More than a year prior to the publication of 12 Rules for Life, Peterson reportedly experienced some nasty autoimmune responses to certain foods. He was given a prescription for Clonazepam and, on the advice of his daughter, Mikhaila Peterson — an unlicensed nutritionist — switched to a diet consisting largely of meat with a few vegetables.
In addition to his autoimmune issues, he was experiencing severe depression. On an episode of The Joe Rogan Experience he explained the dire effects of straying from those restrictions, including an inability to sleep and “an overwhelming sense of impending doom” as a result of the sulfites in apple cider.
Later — consulting again with his daughter — he restricted his diet to nothing but beef, salt, and water. Health experts strongly advise against this, as there is little evidence of any benefits, and a high potential for malnutrition, which can have serious consequences for physical and mental health. But Mikhaila Peterson charges strangers for her unlicensed take on “the carnivore diet,” and her father trusts her…
In early 2019, Peterson’s wife Tammy was diagnosed with cancer and given a grim prognosis. Thankfully she has since recovered, but in the meantime Jordan Peterson was experiencing intense anxiety around her health, and his dosage of Clonazepam was increased.

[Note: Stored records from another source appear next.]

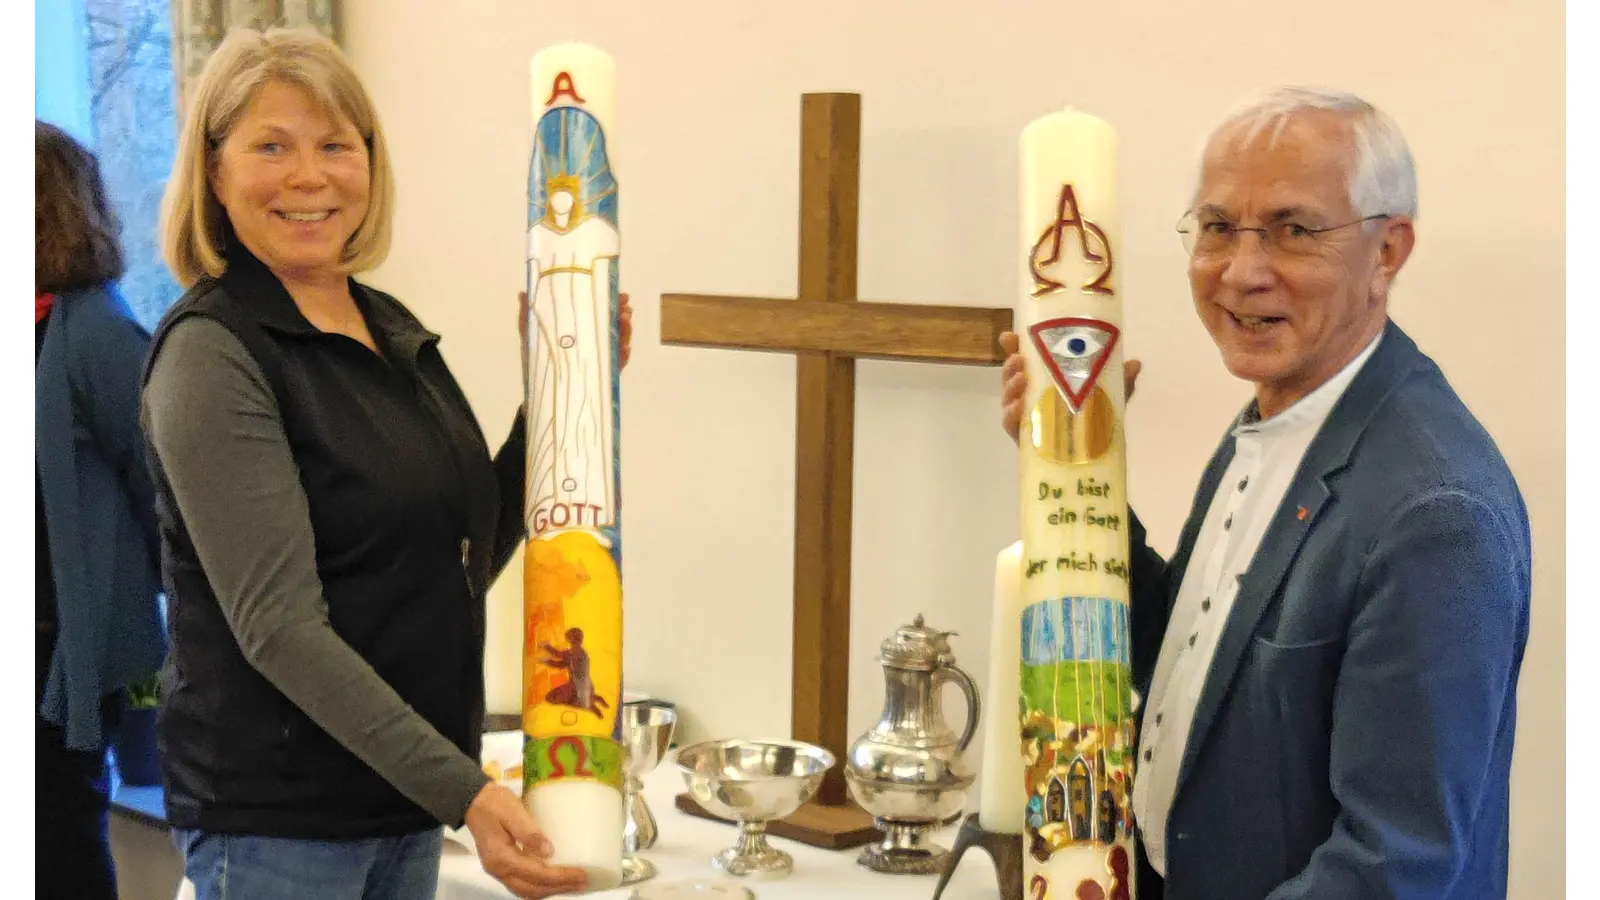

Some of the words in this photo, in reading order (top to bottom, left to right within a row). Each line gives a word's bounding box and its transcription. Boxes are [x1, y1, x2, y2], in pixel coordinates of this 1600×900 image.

[1038, 481, 1063, 501] Du
[1076, 477, 1111, 499] bist
[533, 502, 603, 534] GOTT
[1047, 507, 1077, 526] ein
[1085, 506, 1121, 531] Gott
[1056, 551, 1098, 572] mich
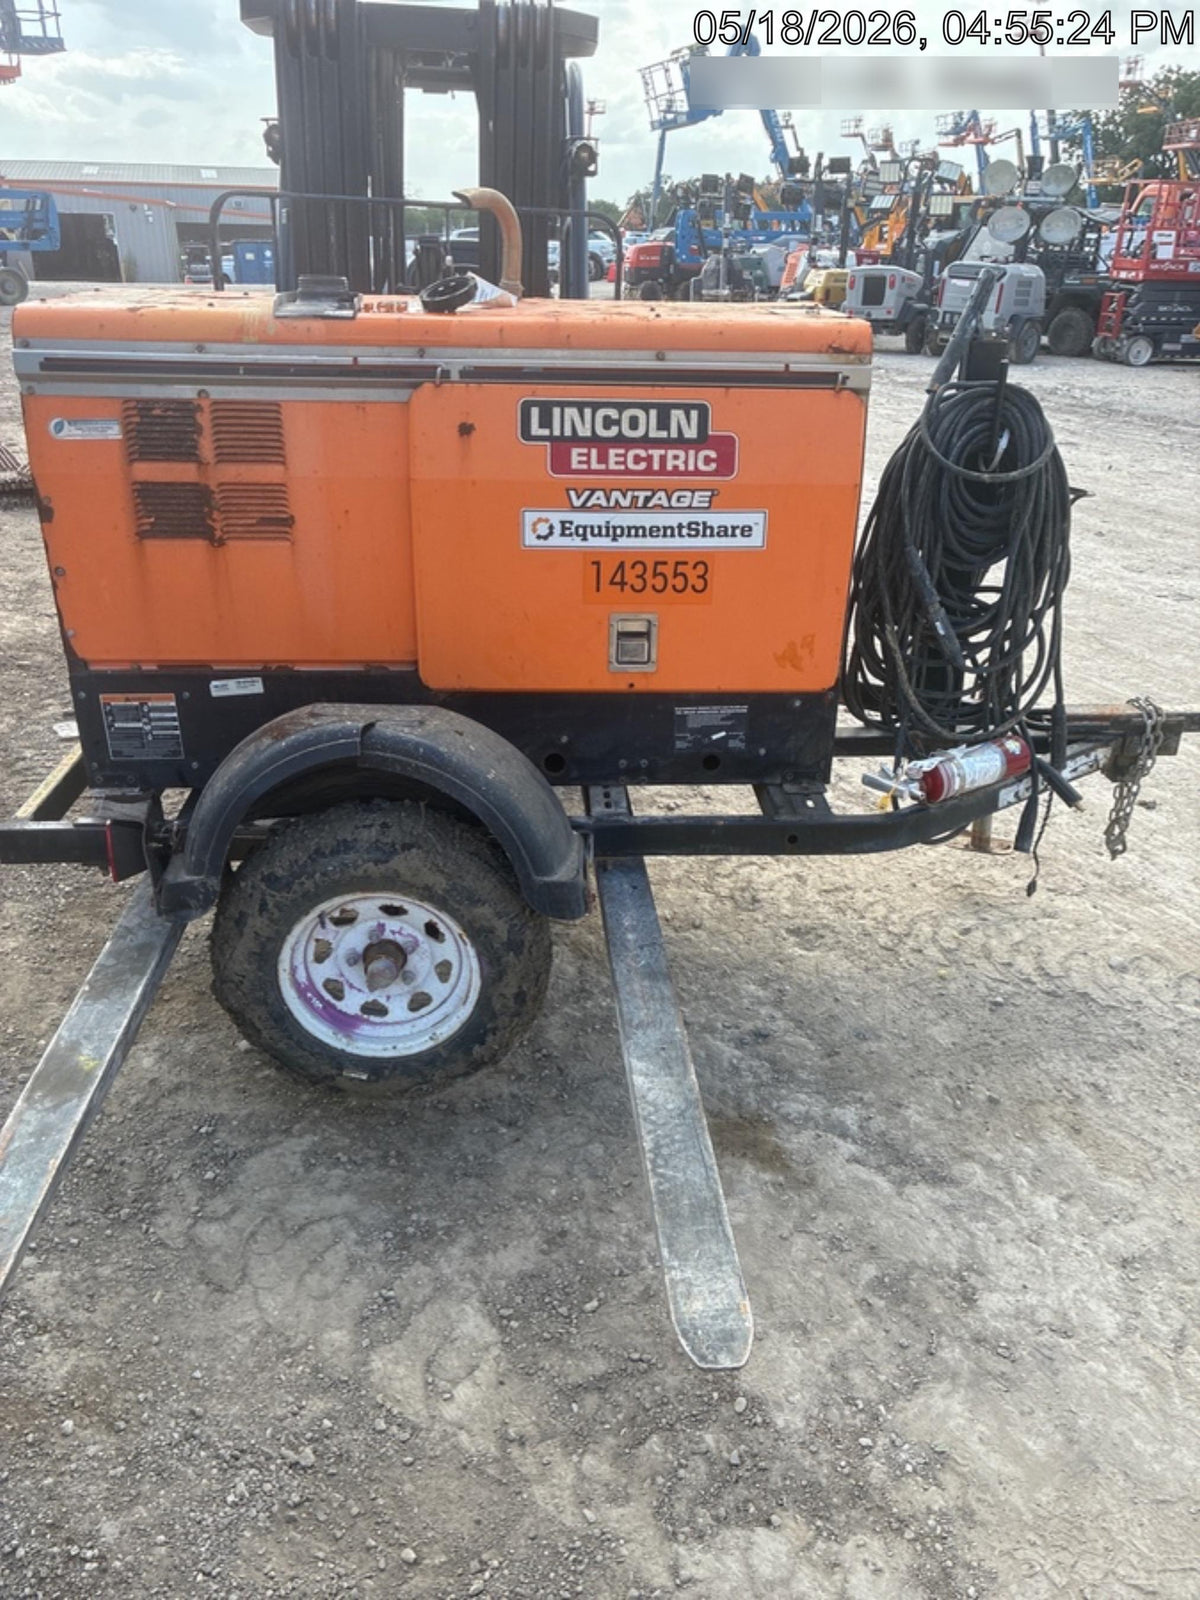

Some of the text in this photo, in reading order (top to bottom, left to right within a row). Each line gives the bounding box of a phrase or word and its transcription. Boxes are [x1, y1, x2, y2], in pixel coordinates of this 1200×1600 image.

[530, 406, 699, 439] LINCOLN
[570, 447, 718, 472] ELECTRIC
[566, 488, 713, 509] VANTAGE
[559, 520, 754, 542] EquipmentShare
[590, 560, 709, 594] 143553

A clinical psychologist by trade, Peterson has pled ignorance to the addictive properties of benzodiazepines like Clonazepam. In any case, he soon found himself unable to reduce his intake without experiencing unbearable withdrawal symptoms including an “irresistible restlessness, bordering on panic.”

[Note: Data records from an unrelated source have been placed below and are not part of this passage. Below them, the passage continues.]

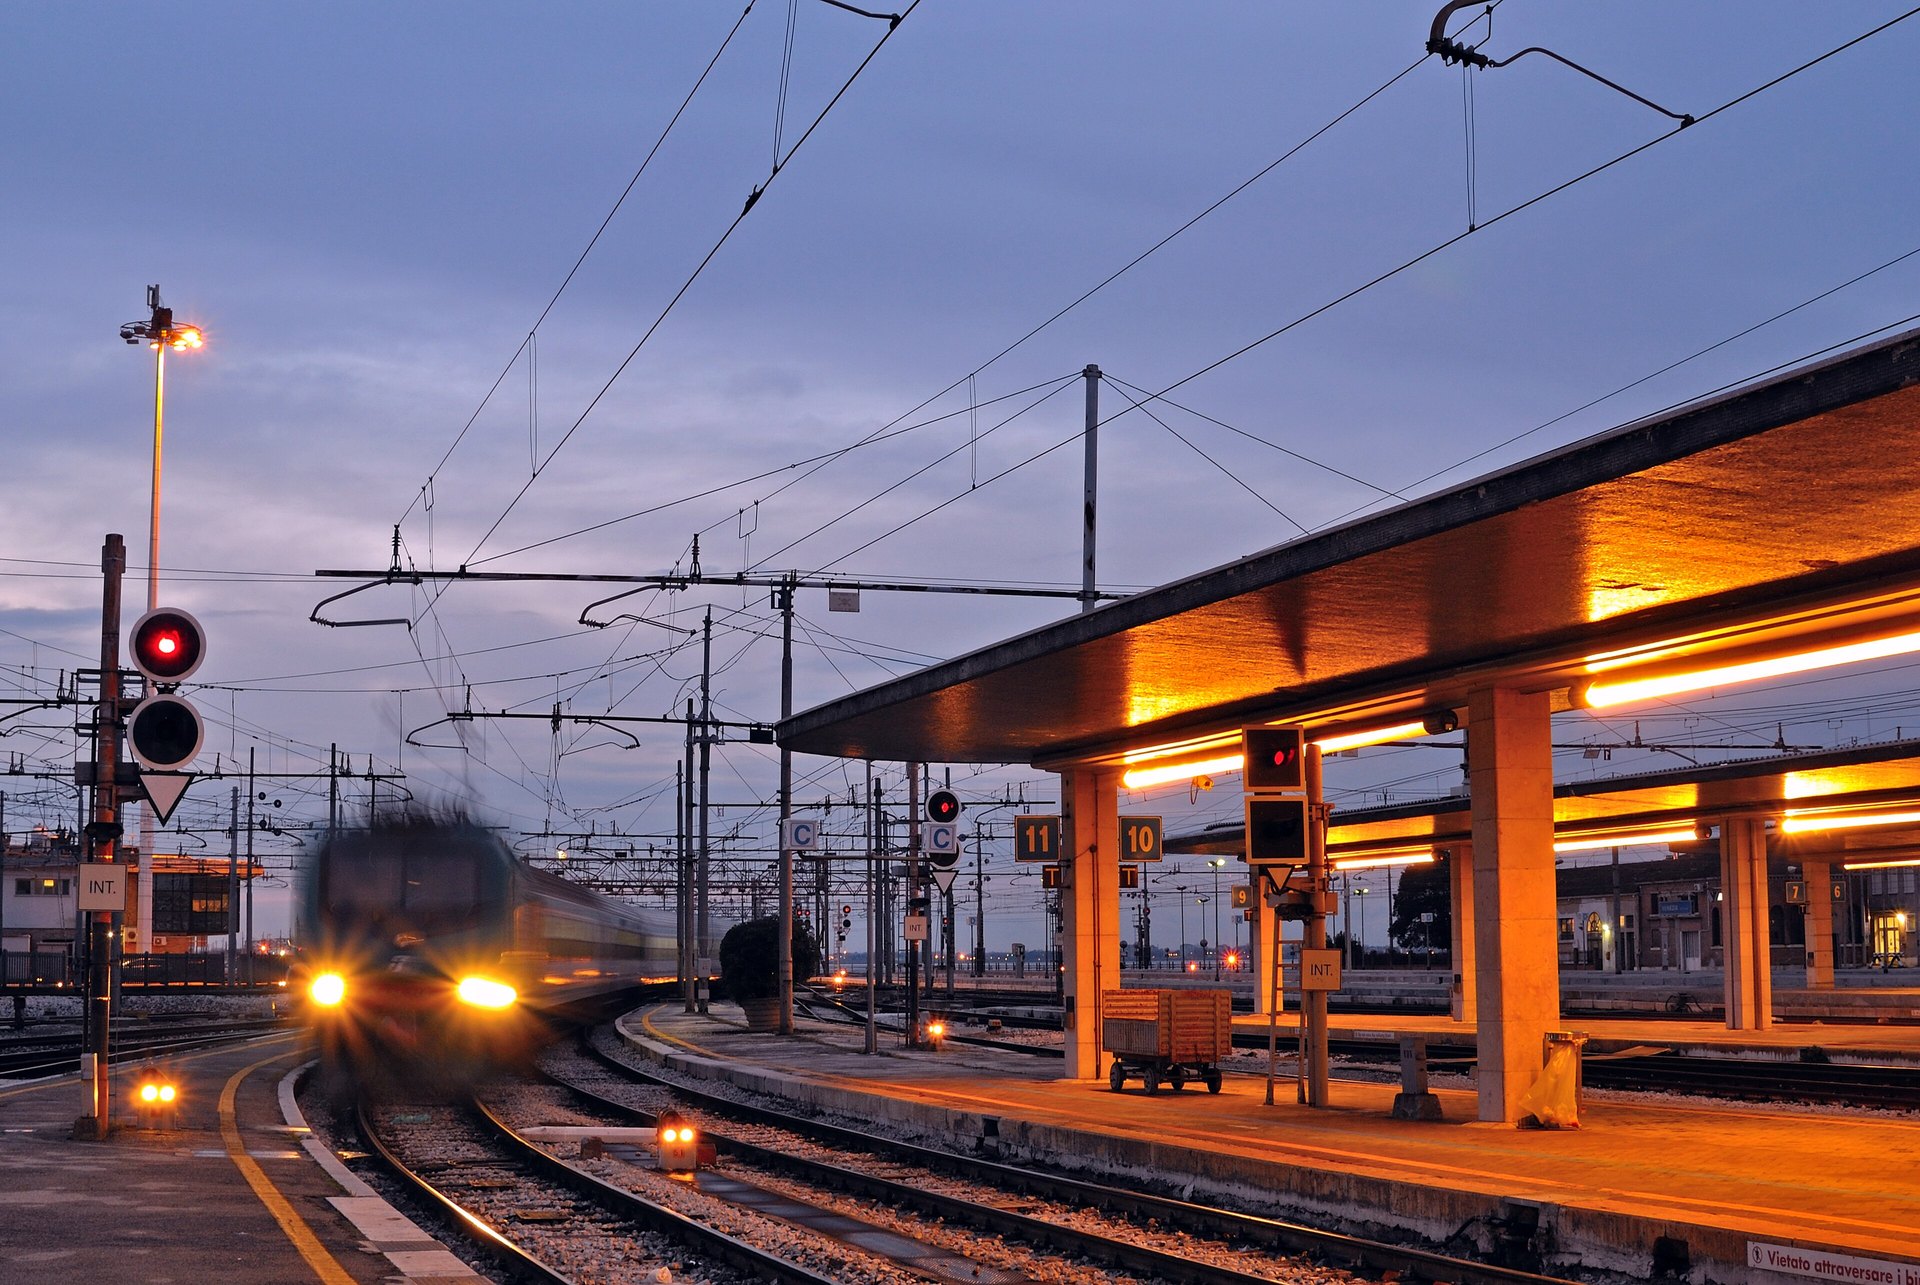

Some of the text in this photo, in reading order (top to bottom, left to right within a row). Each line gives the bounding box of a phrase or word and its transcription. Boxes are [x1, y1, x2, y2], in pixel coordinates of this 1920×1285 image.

[794, 824, 811, 845] C
[933, 828, 950, 849] C
[1026, 825, 1049, 853] 11
[1128, 825, 1154, 853] 10
[1045, 868, 1060, 886] T
[1121, 868, 1136, 886] T
[89, 880, 116, 894] INT.
[1792, 885, 1799, 899] 7
[1834, 885, 1841, 898] 6
[1239, 890, 1246, 904] 9
[909, 924, 923, 932] INT.
[1310, 964, 1333, 976] INT.
[1767, 1250, 1811, 1271] Vietato
[1814, 1259, 1894, 1283] attraversare
[1897, 1268, 1901, 1285] i

Leaving aside possible parallels with the negative affects he previously attributed to drinking apple cider, he was admitted into a rehab facility in New York. He later travelled to Russia where he was put in a medically induced coma as part of an emergency detox.
He has since discussed the long, grueling process of his physical recovery. By all accounts he barely survived, and he deserves compassion both for his suffering in that time and for the ongoing struggle shared by all former addicts to remain clean. But the point remains that, throughout his burgeoning career as a cultural critic and font of life advice, his “house” was not “in perfect order” — far from it.

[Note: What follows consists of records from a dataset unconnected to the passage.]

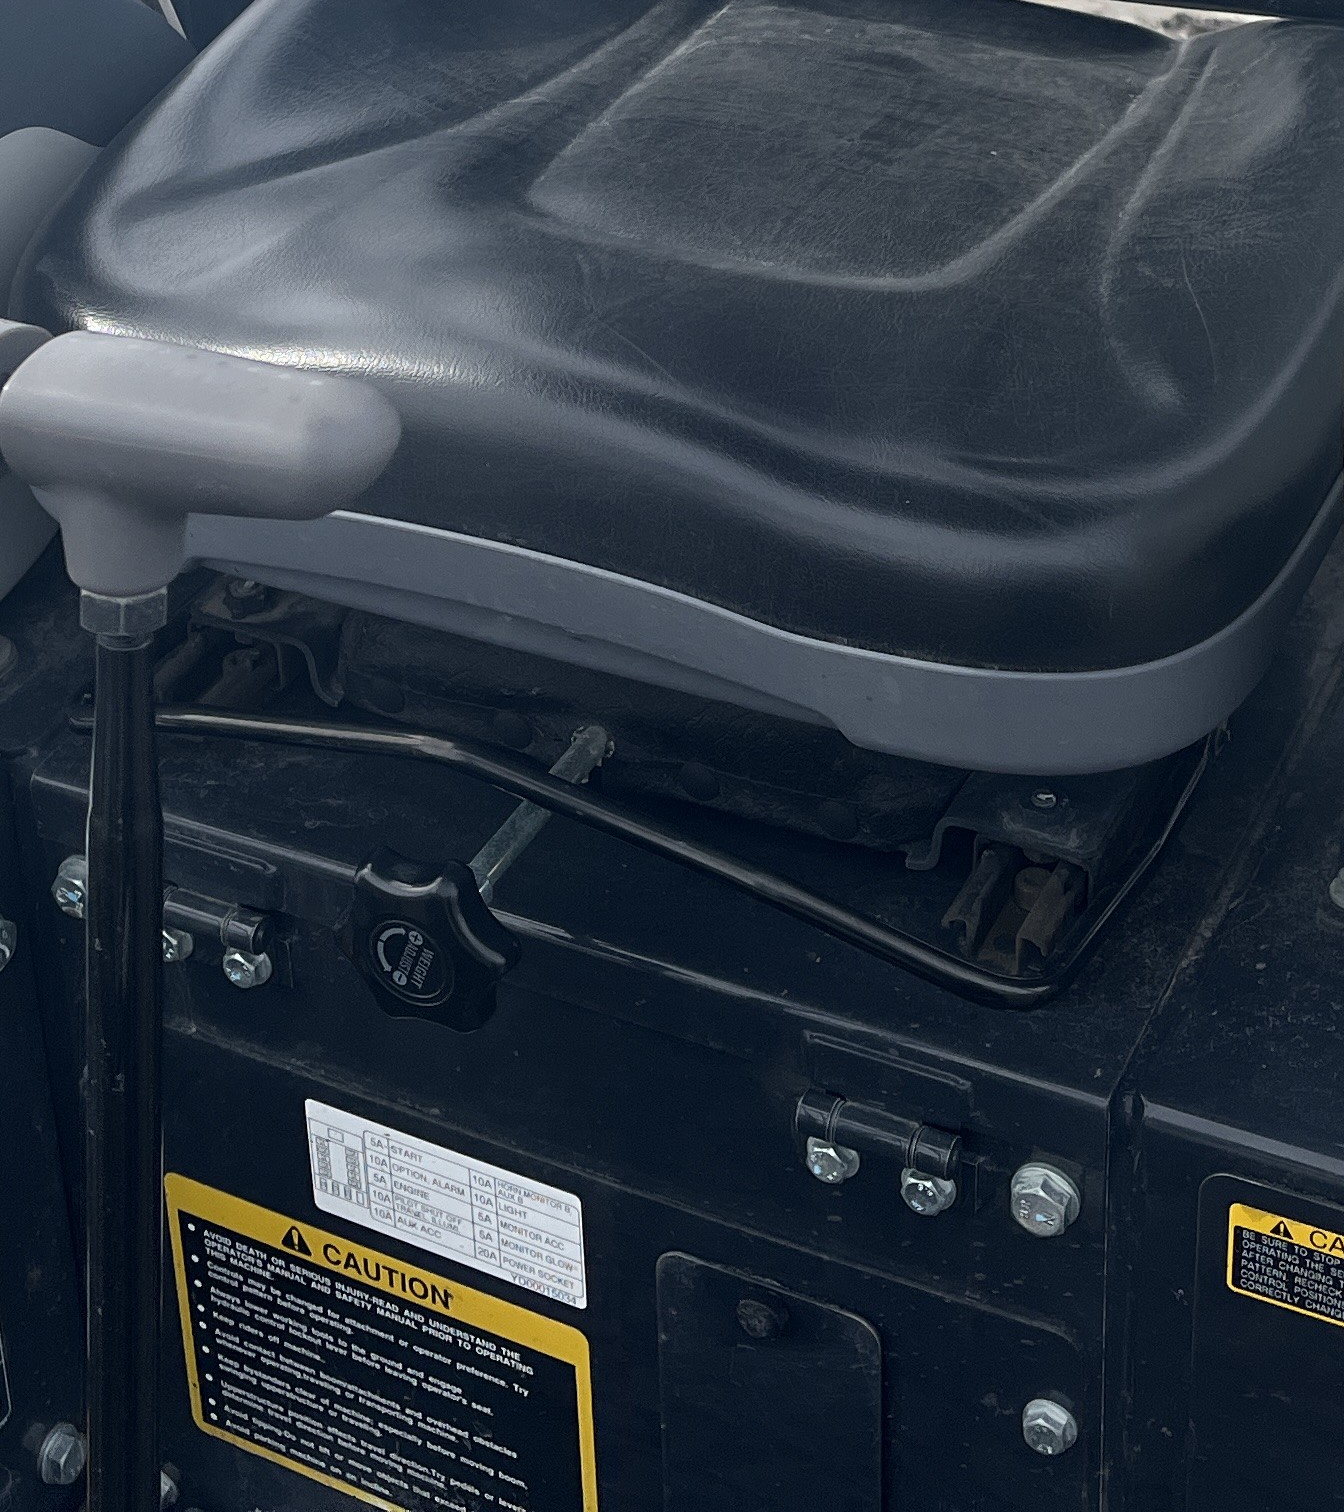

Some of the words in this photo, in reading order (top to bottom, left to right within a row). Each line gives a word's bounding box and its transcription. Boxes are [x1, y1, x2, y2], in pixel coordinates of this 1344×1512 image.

[410, 947, 435, 989] WEIGHT
[389, 1145, 423, 1163] START
[369, 1154, 388, 1169] 10A
[431, 1177, 465, 1197] ALARM
[472, 1174, 492, 1190] 10A
[372, 1189, 392, 1204] 10A
[474, 1193, 494, 1208] 10A
[498, 1201, 527, 1220] LIGHT
[374, 1207, 393, 1222] 10A
[420, 1225, 442, 1239] ACC
[544, 1236, 565, 1251] ACC
[1242, 1239, 1300, 1265] OPERATING
[1304, 1258, 1325, 1273] THE
[1261, 1235, 1288, 1251] SURE
[1293, 1245, 1308, 1257] TO
[1313, 1251, 1341, 1266] STOP
[477, 1246, 498, 1261] 20A
[502, 1255, 536, 1275] POWER
[1241, 1249, 1274, 1266] AFTER
[1278, 1260, 1333, 1286] CHANGING
[322, 1243, 452, 1310] CAUTION
[1240, 1268, 1288, 1292] CONTROL
[1240, 1278, 1300, 1304] CORRECTLY
[1294, 1275, 1343, 1299] RECHECK
[235, 1241, 267, 1261] DEATH
[403, 1309, 425, 1323] AND
[428, 1318, 497, 1352] UNDERSTAND
[500, 1346, 521, 1362] THE
[266, 1262, 307, 1286] MANUAL
[310, 1281, 331, 1295] AND
[376, 1306, 418, 1330] MANUAL
[421, 1324, 453, 1343] PRIOR
[456, 1338, 472, 1351] TO
[475, 1346, 534, 1376] OPERATING

So will Jordan Peterson’s new book acknowledge where he fell short? Will he renounce his “perfect order” rule, or maybe add a new rule about not buying into fad diets? Will he acknowledge that an ethos of personal responsibility is not always a match for the surprising challenges life throws at us?
Peterson has demonstrated a capacity for humility before. When confronted by counterarguments from men like Joe Rogan, Jim Jefferies, and Slavoj Žižek — all of whom seem to defy his association between chaos and femininity — he has readily backed off some of his hardline stances.
So it may turn out that Peterson’s new book will be circumspect and self-aware — will demonstrate a willingness to learn from his mistakes and extend more compassion to the struggles of people who are unlike him. If that’s the case, both Peterson and Penguin Random House can both be forgiven for what seems — at the moment — like a blindness to the irony involved.
But short of that kind of redemption arc, it seems absurd to think that anyone should still be looking to Jordan Peterson for life advice.
Beyond Order will go on sale next March, and is now available for pre-order for anyone who thinks happiness is pointless.